The car is very low, so stepping into seems kind of like falling into it, but it’s not uncomfortable or awkward to do so; it’s more like easing into a nice chair. The Sprite floorpans were modified so the Innocenti’s seating position could be improved, and the extra space is quickly evident and much appreciated. The car is also wider than the base Sprite’s dimensions, so the typical knocking of elbows with your passenger happens less than you’d expect in a compact little car like this. The ergonomics are also enhanced by way of the chopstick-thin pillars (and likely as strong in the case of collision…), which allow even more field of vision out of the upright windscreen.
Once you’ve adjusted a bit and hunkered down into the surprisingly comfortable seat you’ll notice the no-nonsense dash layout, including the practical gauges laid out in an easily viewed spread across the instrument panel. I always get a kick out of the fact that the Veglia gauges in here can also be found in Ferraris of the period. Surprisingly, especially for an Italian body built on an existing chassis, the doors and hood and trunk all close with confidence-inducing clunks and show off some respectable shut lines too.

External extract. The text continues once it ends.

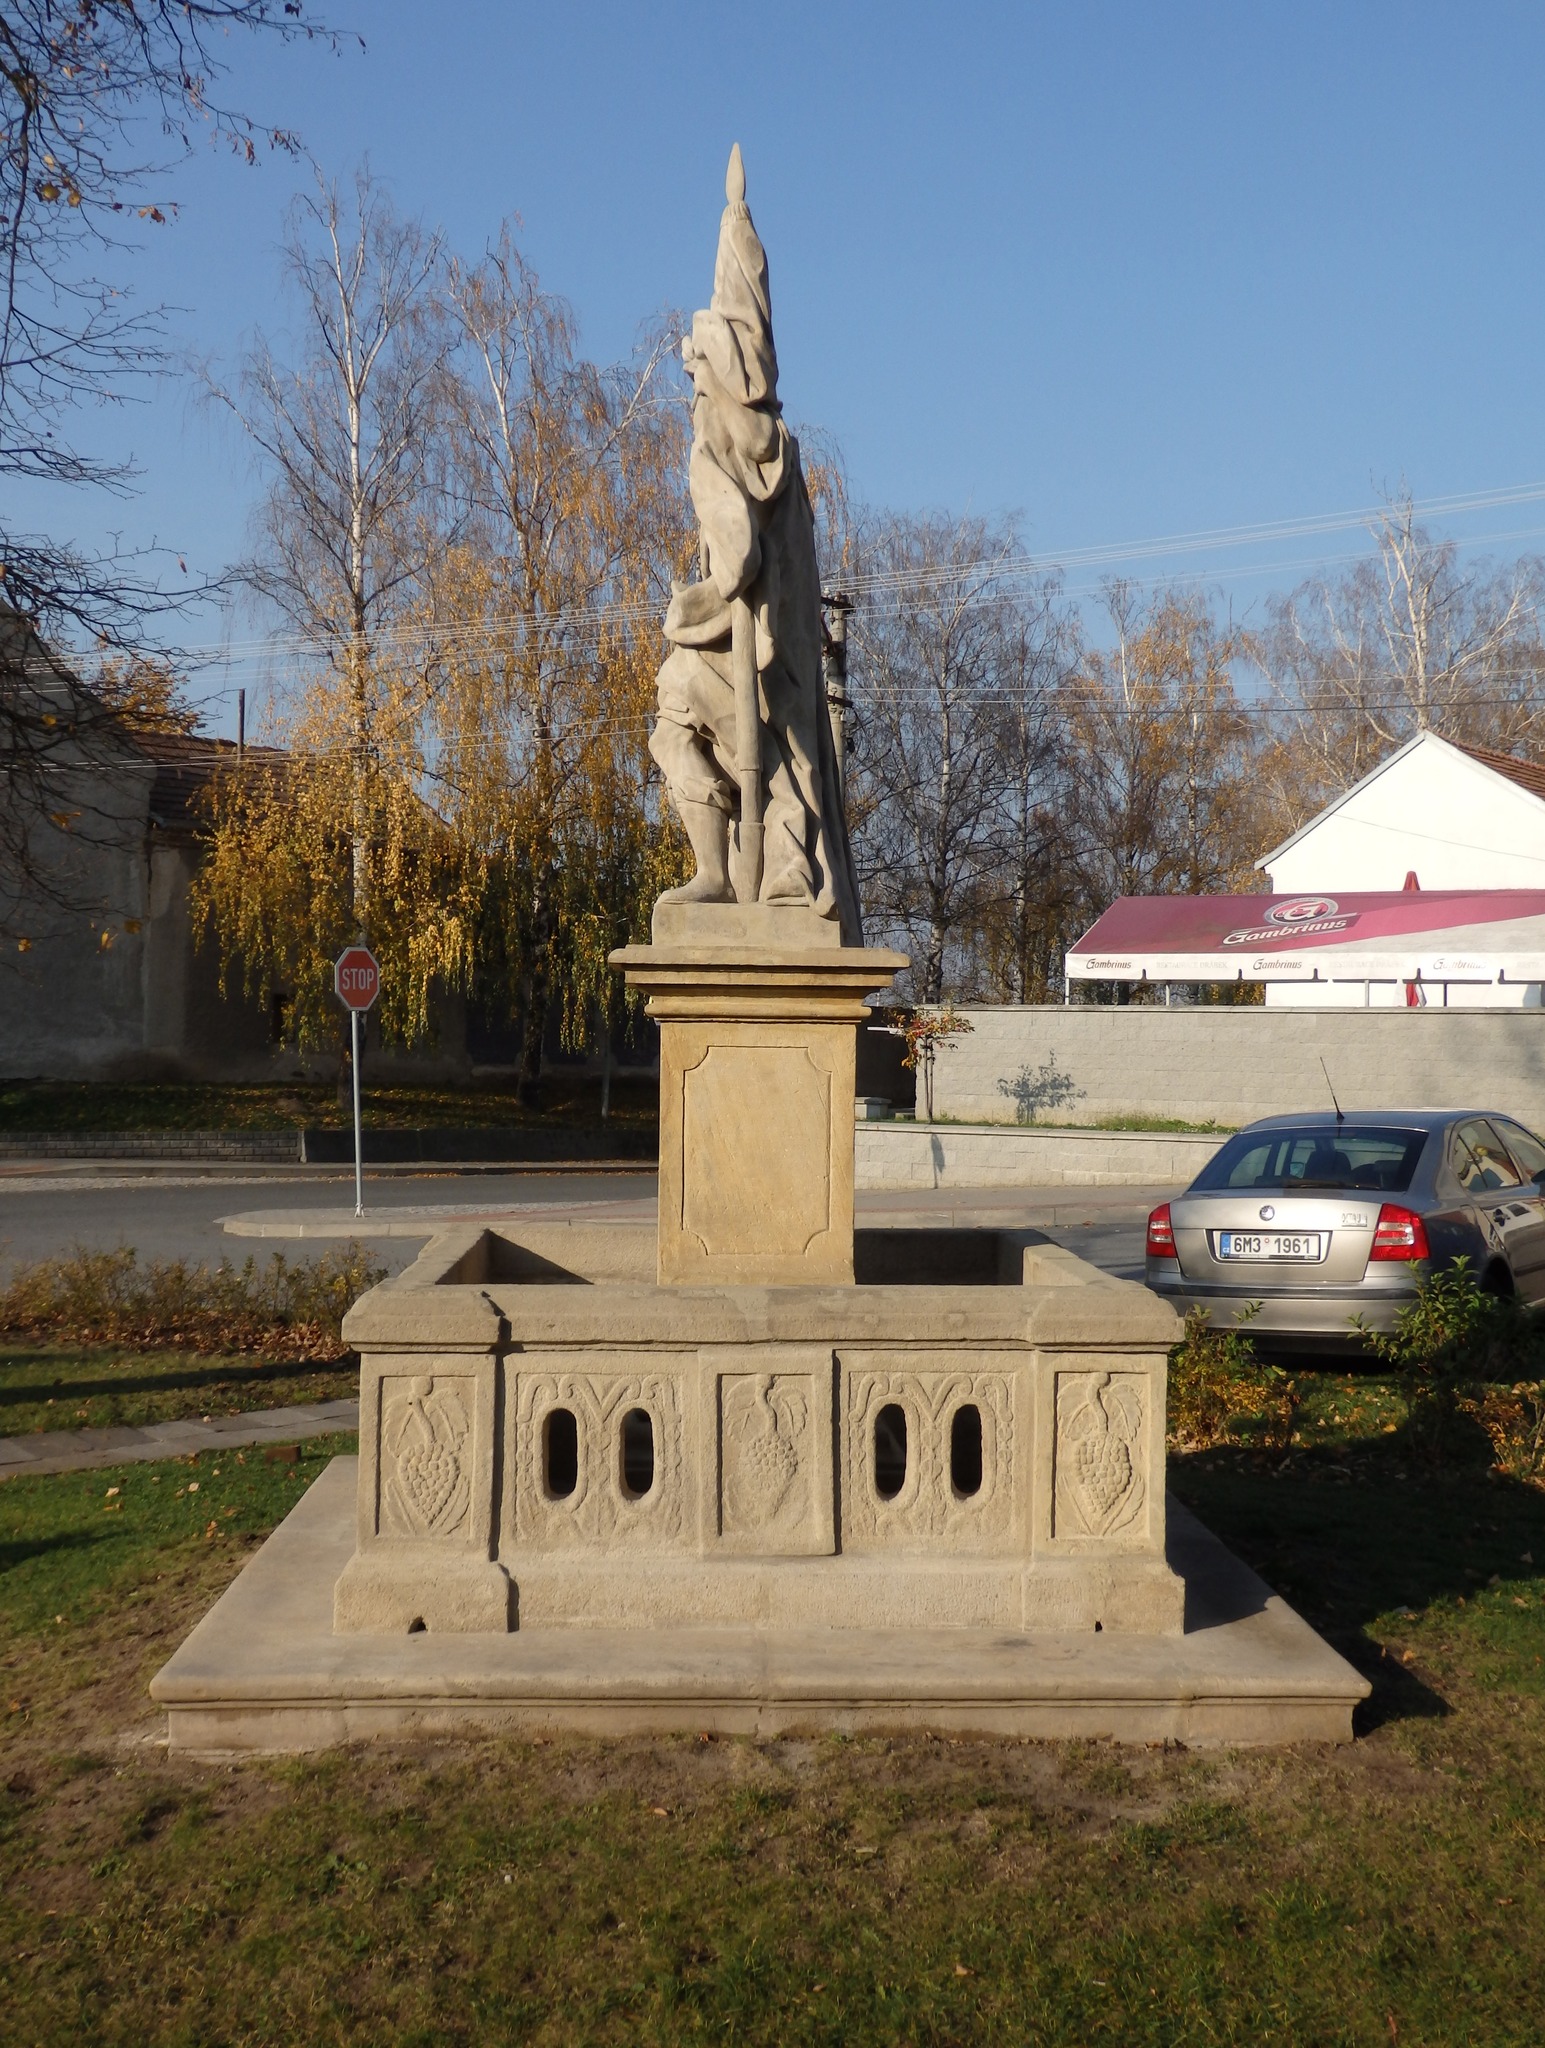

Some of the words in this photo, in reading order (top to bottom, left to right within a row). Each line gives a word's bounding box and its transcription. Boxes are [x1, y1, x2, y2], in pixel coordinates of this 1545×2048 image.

So, the actual driving experience. It seems like the motor—a BMC A-series four-cylinder with about 60hp—has a split personality, being at times modest and others rudely, joyfully, not. When you’re just moving through the gears in the lower rev range it’s just a quiet classic car to putter around in, but if you delay your shifts and let it climb it answers you with a nice little growl of approval. The gears aren’t very tall even though it’s a four-speed, so can still play around in the top of the tach pretty easily on the fun roads too. And when you see some corners ahead, you don’t need to shy away. Now, I have no airs about this being able to keep up with some taut and modern sports cars, but given the age and design of the suspension system, it’s quite fun to lean it back and forth through some esses or bend it around some hairpins; though I never drive this car aggressively given its rarity and my chances of finding another, it is still quite a good time to take it on directionless drives.
Everybody seems to like the look of the car too. People are always trying to guess the marque when they see it, asking questions about the interesting little coupe. People like the paint color, the shape and the sound, are always trying to take pictures of it in traffic or parked, and I often have people driving next to me only to give a thumbs up at the next traffic stop—although it’s an innocent car, it gets a lot of attention!